Two days of gently falling rain in many months of dry hot skies have not touched the water levels in the reservoirs. On my weekly drive up into the mountains I see the level dropping each month and the color changing from vibrant aquamarine to sluggish grey. We beings of water too are drying out like the parched land, the rivers, the mountains and hills. I can see the unspoken concern on the fruit farmers’ faces as they spend more and more on expensive irrigation that cannot sustain the seasonal fruit and vegetable crops nor the flowering process.
In Arabic the word for water is moya– it flows slowly, life blessingly through the mouth and down the throat. It is in one word the essence of life and spoken lovingly in those places where each drop is acknowledged as a gift. You can hear the way it works in my own native language, uisce, with more force and rush as it sweeps over everywhere. Perhaps the people in those places with a seeming excess of water could work with slowing it down a little so that it can move elsewhere to places of lack.

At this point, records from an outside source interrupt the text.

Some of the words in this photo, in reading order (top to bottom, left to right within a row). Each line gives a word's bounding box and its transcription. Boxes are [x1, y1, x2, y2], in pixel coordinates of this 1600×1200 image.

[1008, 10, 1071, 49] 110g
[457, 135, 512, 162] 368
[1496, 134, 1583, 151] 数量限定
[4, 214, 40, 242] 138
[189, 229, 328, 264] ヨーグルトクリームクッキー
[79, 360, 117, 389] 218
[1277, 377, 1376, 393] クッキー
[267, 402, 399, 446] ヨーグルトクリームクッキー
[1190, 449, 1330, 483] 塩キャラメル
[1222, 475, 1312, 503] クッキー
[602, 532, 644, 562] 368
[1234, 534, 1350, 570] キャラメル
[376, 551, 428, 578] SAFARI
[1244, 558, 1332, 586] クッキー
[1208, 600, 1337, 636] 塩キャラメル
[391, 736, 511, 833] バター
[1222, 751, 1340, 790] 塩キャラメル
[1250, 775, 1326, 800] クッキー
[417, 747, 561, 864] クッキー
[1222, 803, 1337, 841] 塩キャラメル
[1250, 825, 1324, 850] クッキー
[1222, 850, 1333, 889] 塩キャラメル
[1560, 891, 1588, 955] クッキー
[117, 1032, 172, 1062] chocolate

Perhaps there is a great rainmaker in the sky leading the orchestration of the clouds. The notes and bars are not set in stone. There are many different pieces to play, some great symphonies, some lullabies, some rat a tat rap. We need to come up with a way to talk with the conductor and the players- the wind systems, the pressure systems, the upswelling of the waters from the seas and rivers and lakes- all the movements and sounds of nature so that we can compose new pieces together, so that we move towards co-creation with Gaia. We need to hear a new language and relationship within ourselves and our way of being in this world. We need a natureful language of seasonality, of flow, of balance, of listening carefully, of elements and unpredictability, of lessening control and allowing grace to flow.